Parking revenue drop-off disturbs

Questions are being asked about whether a $425,000 drop in central Nelson parking income is linked to fewer parking wardens patrolling car parks, or whether fewer people are driving into the city to shop.

Parking income for the year is 22 per cent under budget, according to a staff report to the city council's audit, risk and finance committee.

The shortfall is likely to mean ratepayers will be asked to shoulder the burden, councillor Gail Collingwood said.

Yesterday's meeting was attended by nine staff and two councillors, plus appointed committee member Graeme Thomas who took the quorum to three.

Committee chairman and councillor Ian Barker said the income was a "huge reduction" and queried if it was the result of a reduction in policing.

"I just hope it's not indicative of a reduction in spending in the CBD," Mr Barker said.

He believed a lot more people, particularly from Stoke, were now shopping in Richmond, judging by how full the Nelson car parks were on "free parking Tuesdays".

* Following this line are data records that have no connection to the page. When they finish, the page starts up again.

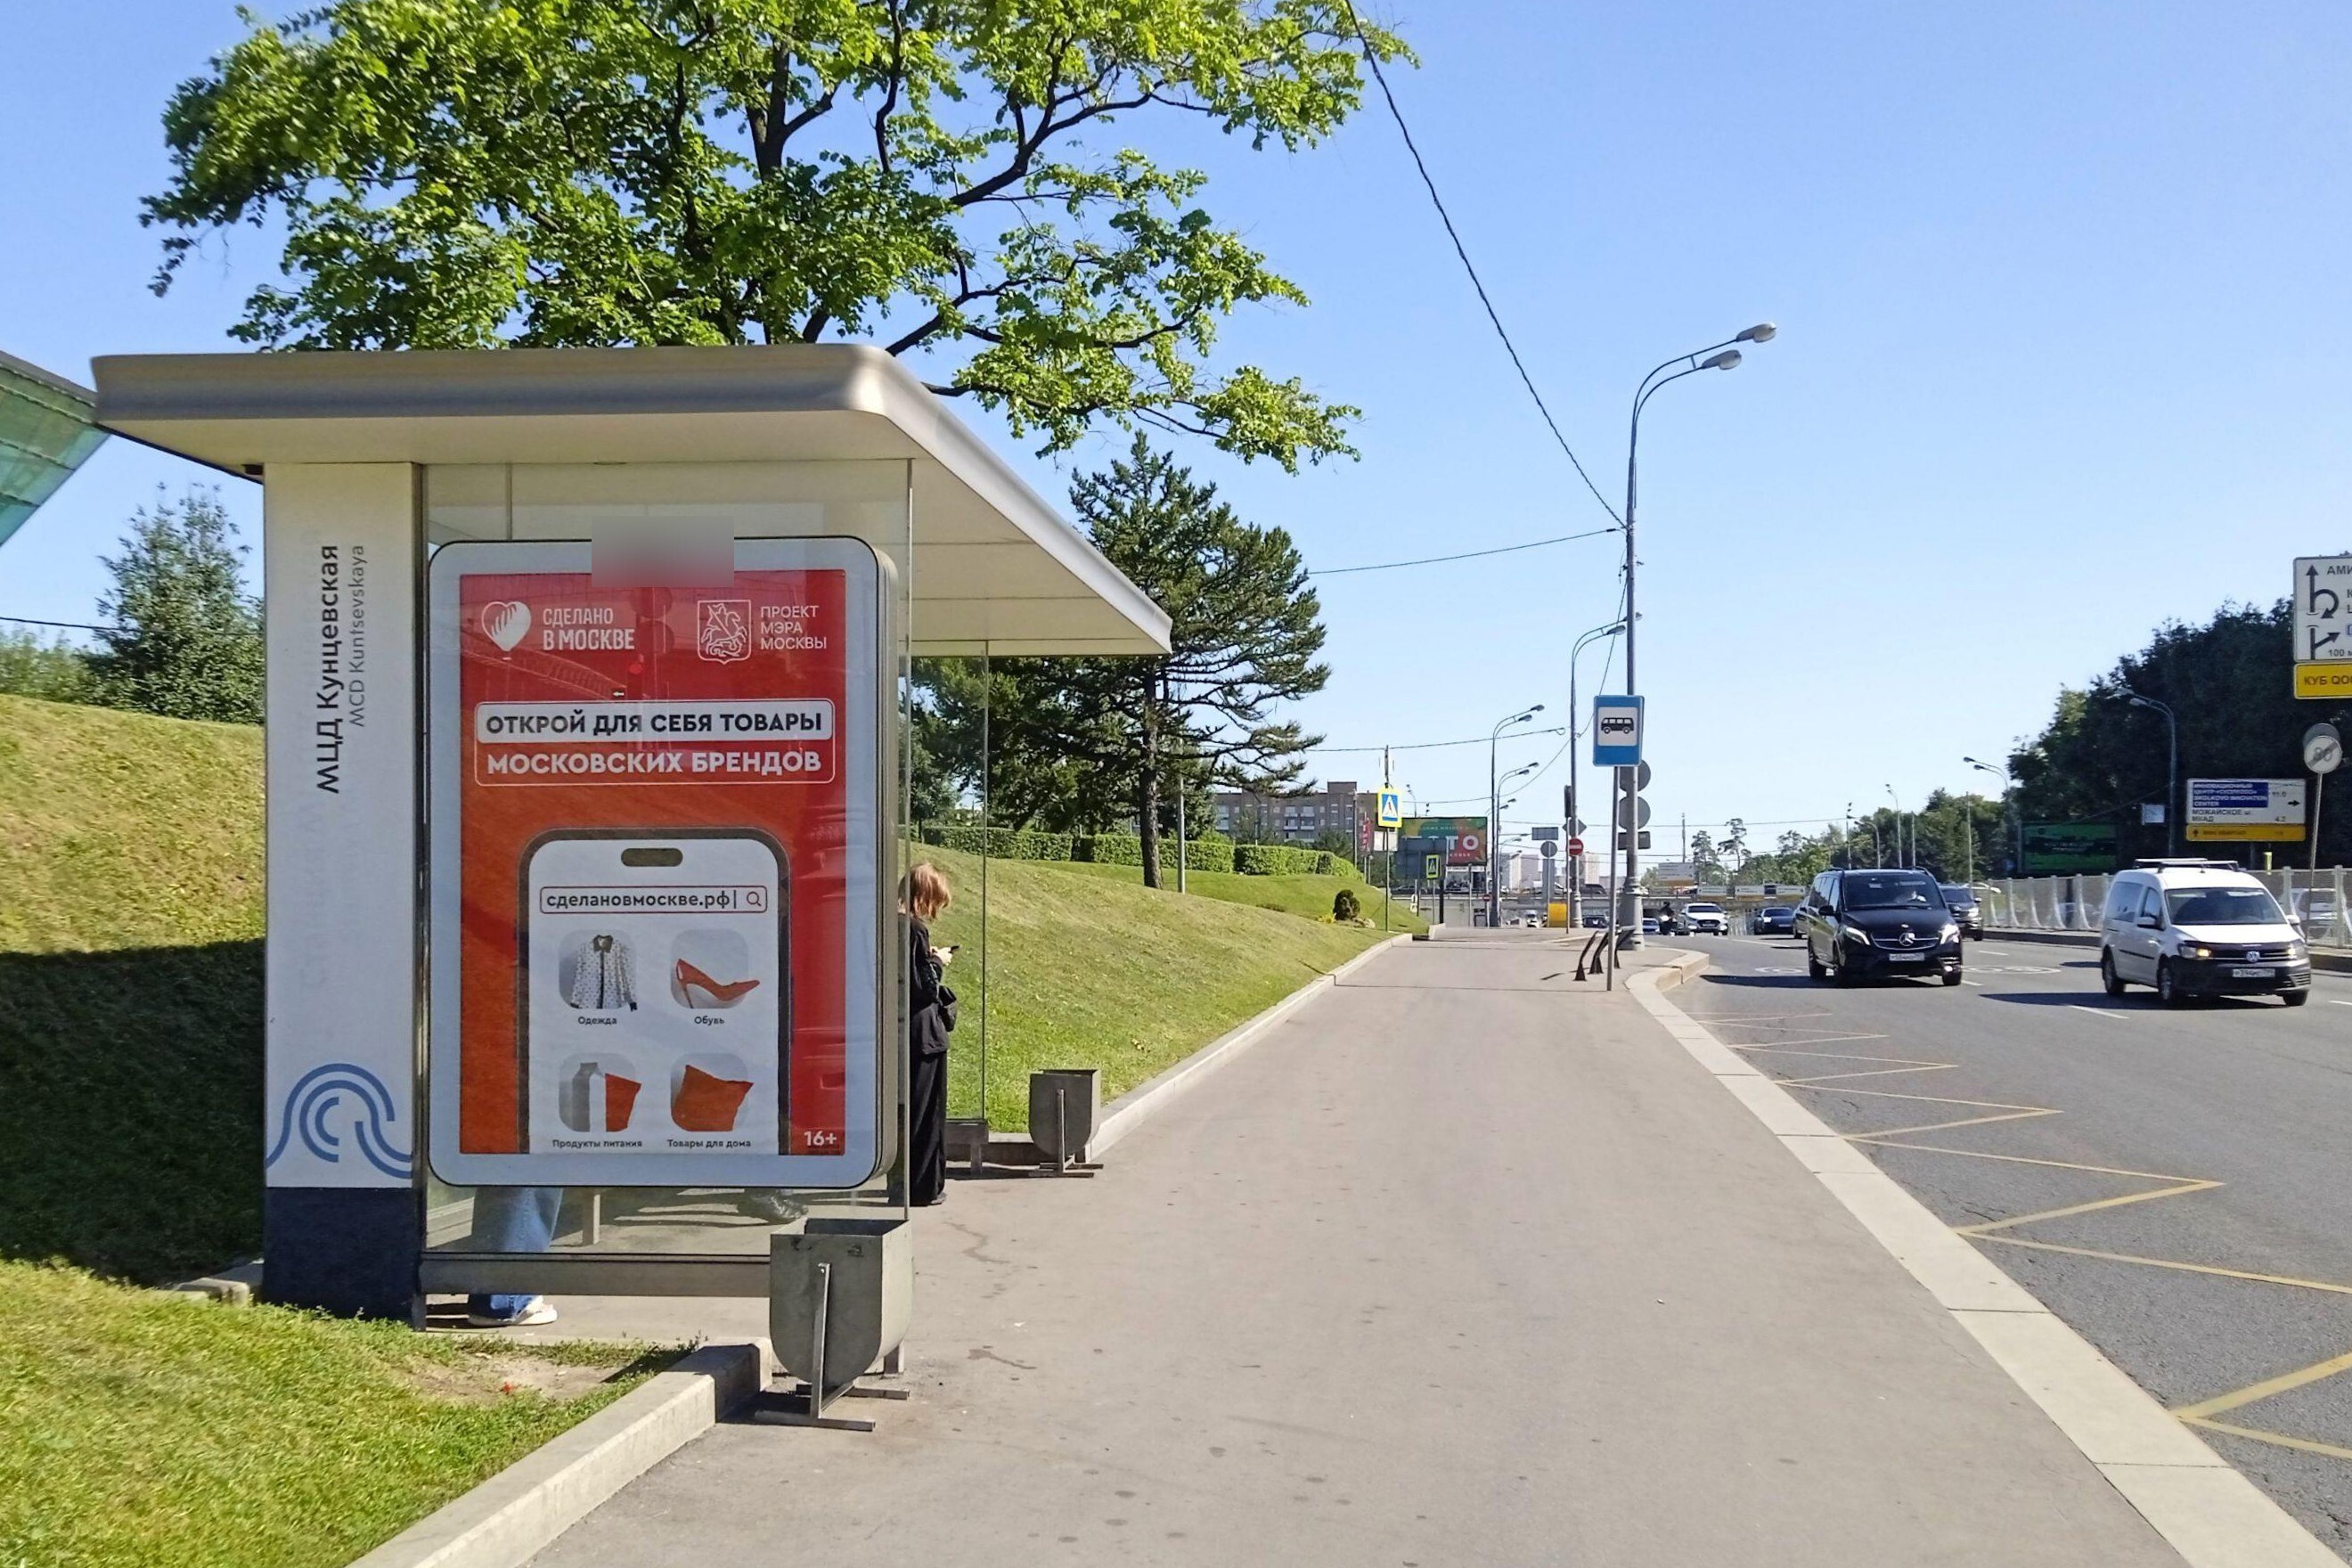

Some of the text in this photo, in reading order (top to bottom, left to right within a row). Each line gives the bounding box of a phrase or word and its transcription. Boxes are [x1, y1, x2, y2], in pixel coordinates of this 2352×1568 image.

[543, 608, 613, 628] СДЕЛАНО
[760, 605, 819, 618] ПРОЕКТ
[760, 621, 803, 634] МЭРА
[347, 545, 368, 727] MCD Kuntsevskaya
[543, 628, 635, 650] В МОСКВЕ
[760, 636, 827, 650] МОСКВЫ
[316, 545, 345, 794] МЦД Кунцевская
[2332, 674, 2352, 685] QO
[486, 708, 821, 737] ОТКРОЙ ДЛЯ СЕБЯ ТОВАРЫ
[487, 751, 821, 776] МОСКОВСКИХ БРЕНДОВ
[546, 890, 731, 909] сделановмоскве.рф
[577, 1016, 617, 1025] Одежда
[693, 1016, 725, 1025] Обувь
[551, 1139, 601, 1148] Продукты
[666, 1139, 704, 1148] Товары
[804, 1130, 837, 1147] 16+
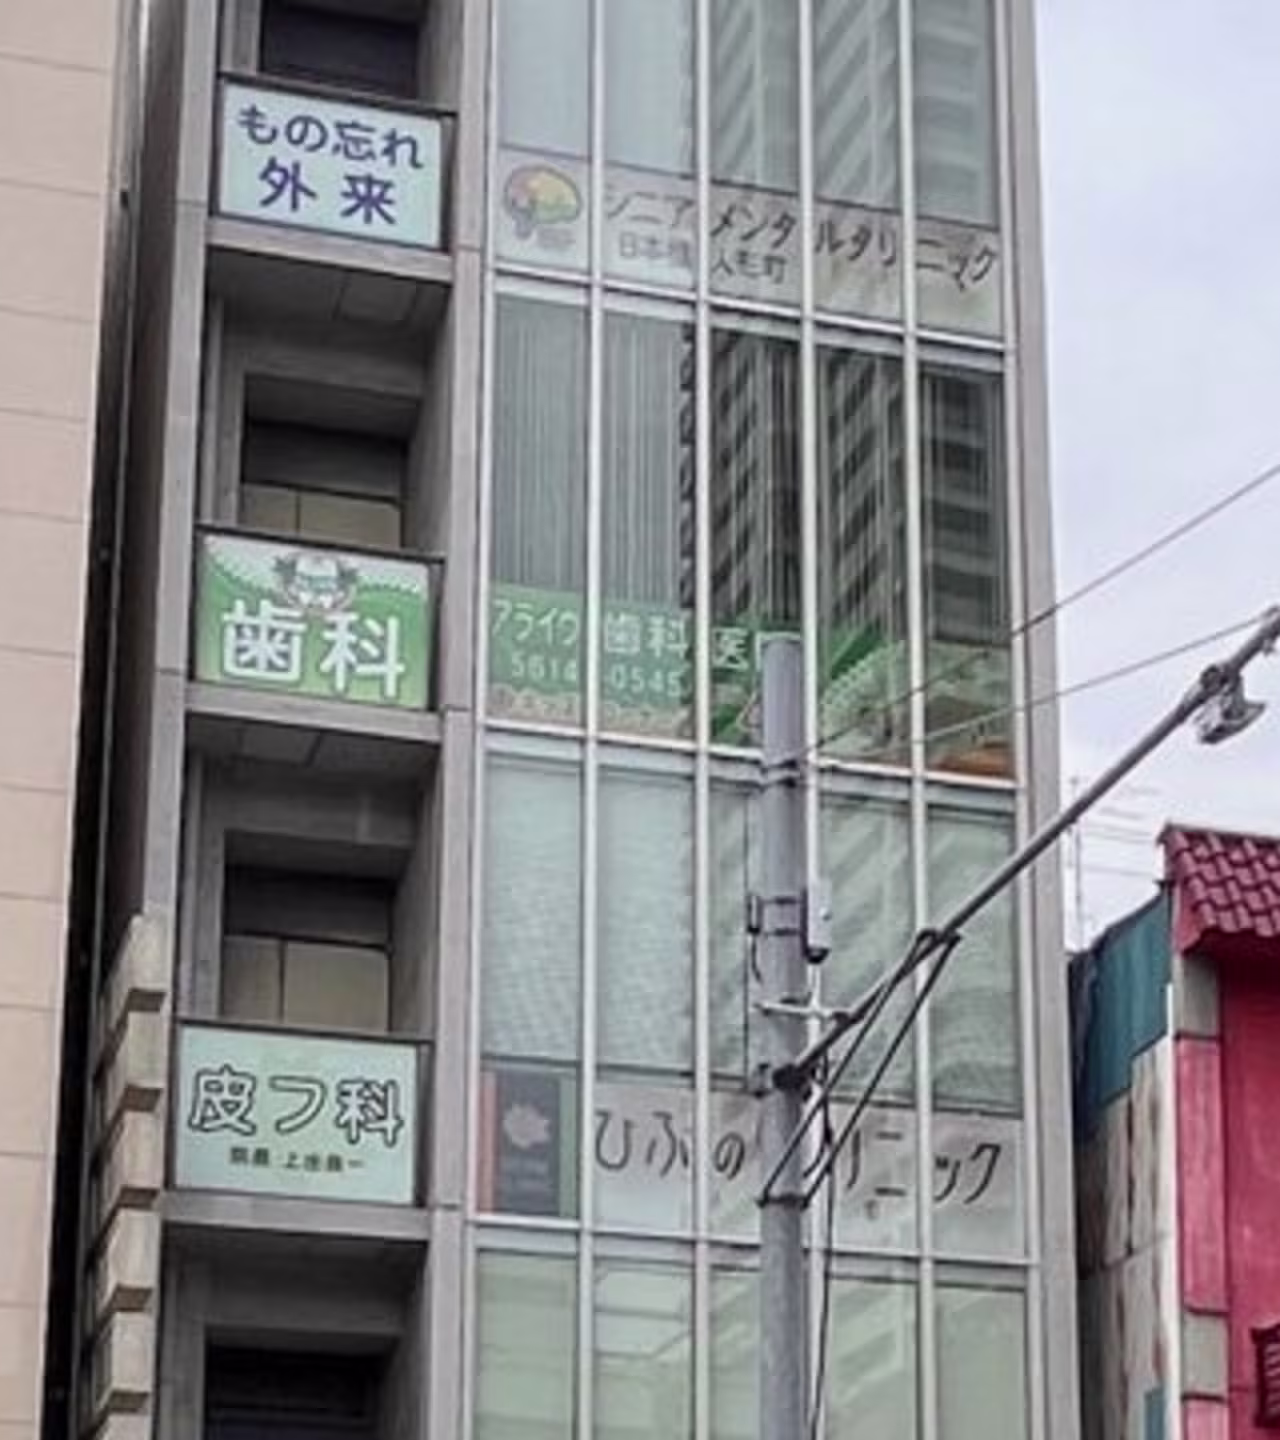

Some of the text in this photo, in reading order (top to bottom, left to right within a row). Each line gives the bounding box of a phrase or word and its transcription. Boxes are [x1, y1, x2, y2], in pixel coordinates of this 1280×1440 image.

[237, 103, 424, 170] もの忘れ
[259, 158, 398, 226] 外来
[220, 598, 406, 700] 歯科
[189, 1064, 404, 1147] 皮フ科
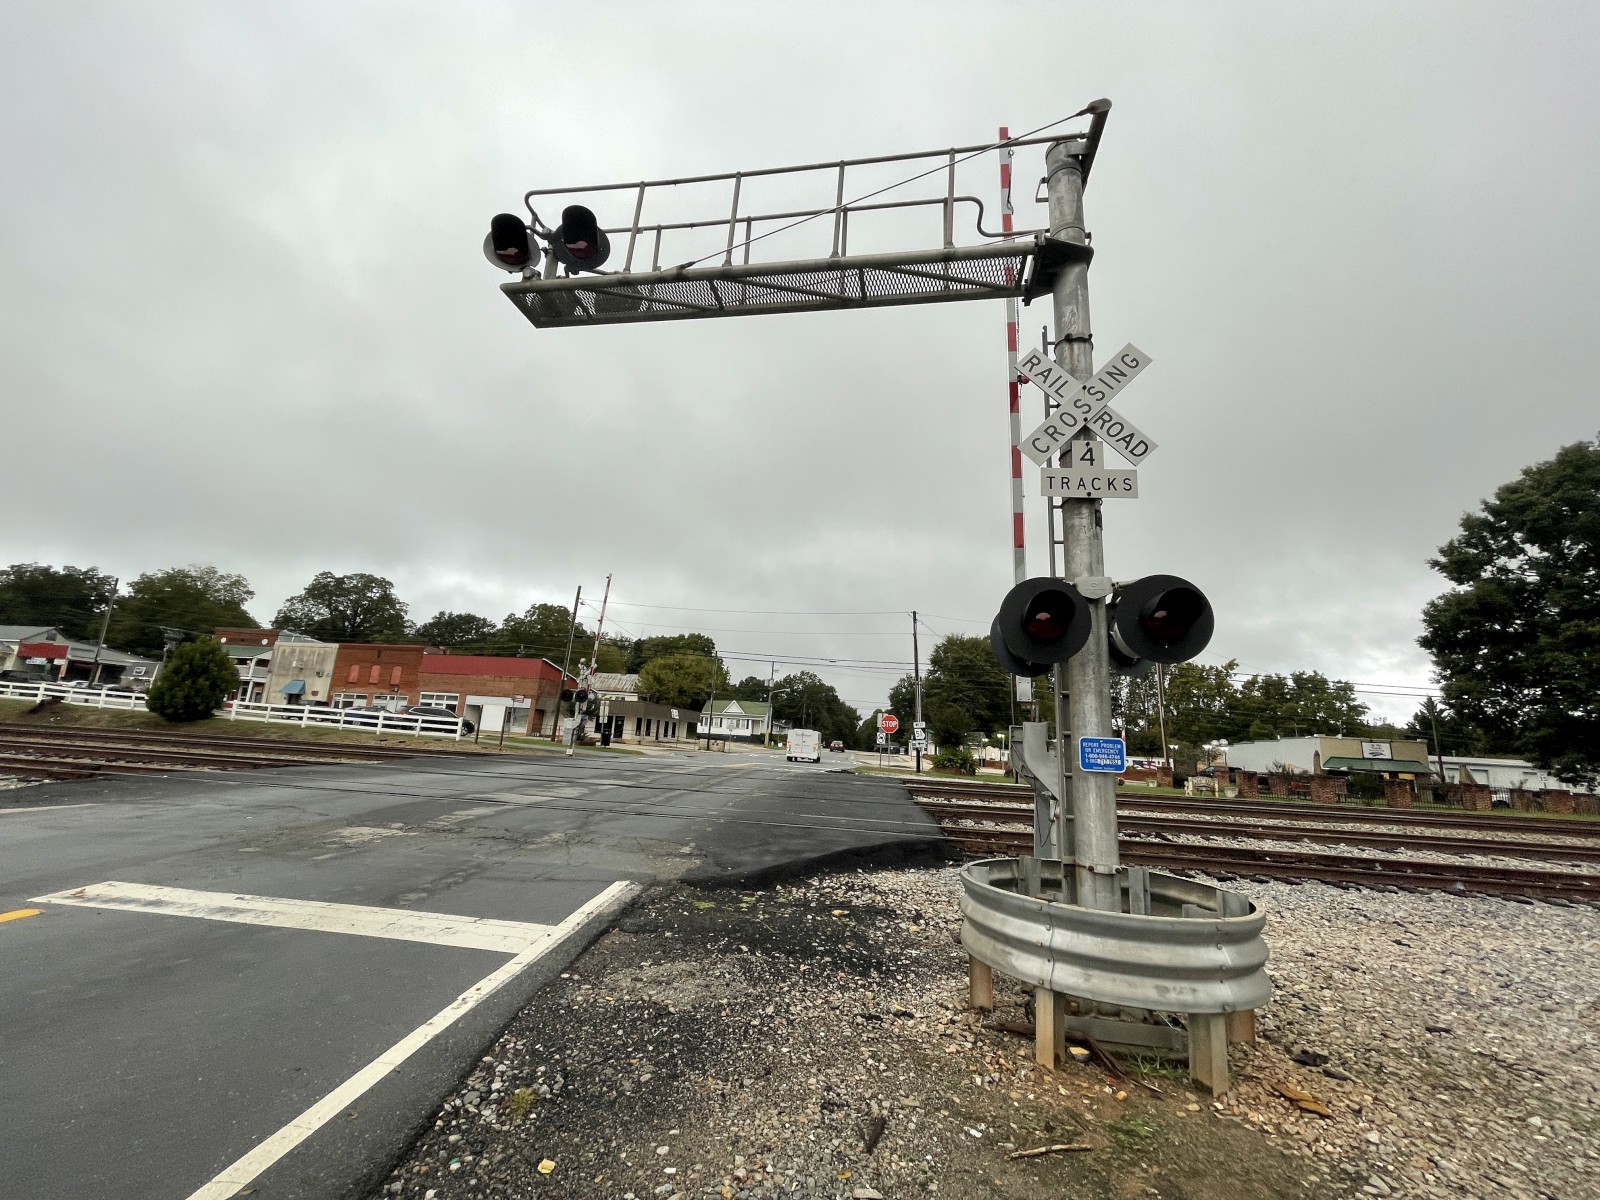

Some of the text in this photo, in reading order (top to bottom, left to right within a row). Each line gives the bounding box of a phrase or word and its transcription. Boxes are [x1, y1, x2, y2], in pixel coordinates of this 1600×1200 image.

[1022, 354, 1149, 457] RAIL ROAD
[1031, 353, 1140, 454] CROSSING
[1079, 447, 1096, 466] 4
[1046, 476, 1133, 491] TRACKS
[882, 720, 897, 728] STOP

Asked if he thought the drop in revenue might be linked to people refusing to pay because of the precedent set by Nelson vagrant Lewis Stanton, Mr Barker said it was difficult to say but he certainly knew people were "hosed off". Mr Stanton, also known as Hone Ma Heke, has been issued with more than $50,000 in parking infringements and said recently he had "absolutely no intention" of paying them.

The Nelson City Council has referred over $30,000 of the fines to the Ministry of Justice for collection.

Mr Barker said outside yesterday's meeting he was aware of how annoyed people were with the situation. "I don't think it's in the general public psyche to not pay because he hasn't, but I have heard people say that if he can get away with it, they can too.

"I know people are really hosed off he's getting away with it but I don't think the fall in parking revenue is connected."

He said if people had taken that stance, it would begin to show in any increase in the number of fines as a result of people refusing to pay infringement notices.

The council said in May it was reviewing the resources it needed to monitor parking in light of falling revenues and the resignation of three of its parking wardens. They resigned under circumstances which remain unclear but the council said at the time it had taken steps to ensure adequate coverage of parking monitoring until replacements were found.

The report to yesterday's meeting said the drop was mainly in off-street meters (parking squares such as Wakatu Square car park) where income was $360,000 below budget. However, off-street permits and on-street meters were also "significantly under budget".

The projected drop is close to $490,000 the report said. However, there is better news in the public transport arena - revenue is up because of better than expected ticket sales. The council relies on parking revenue to help run the NBus service. Last year $308,000 from parking money helped toward the $1.3 million annual running cost of the buses.

Mrs Collingwood said it was important for people to realise how much money was collected from parking, and that the shortfall would burden ratepayers. "We will be paying more rates if people are not putting money in the meters. It's a user tax."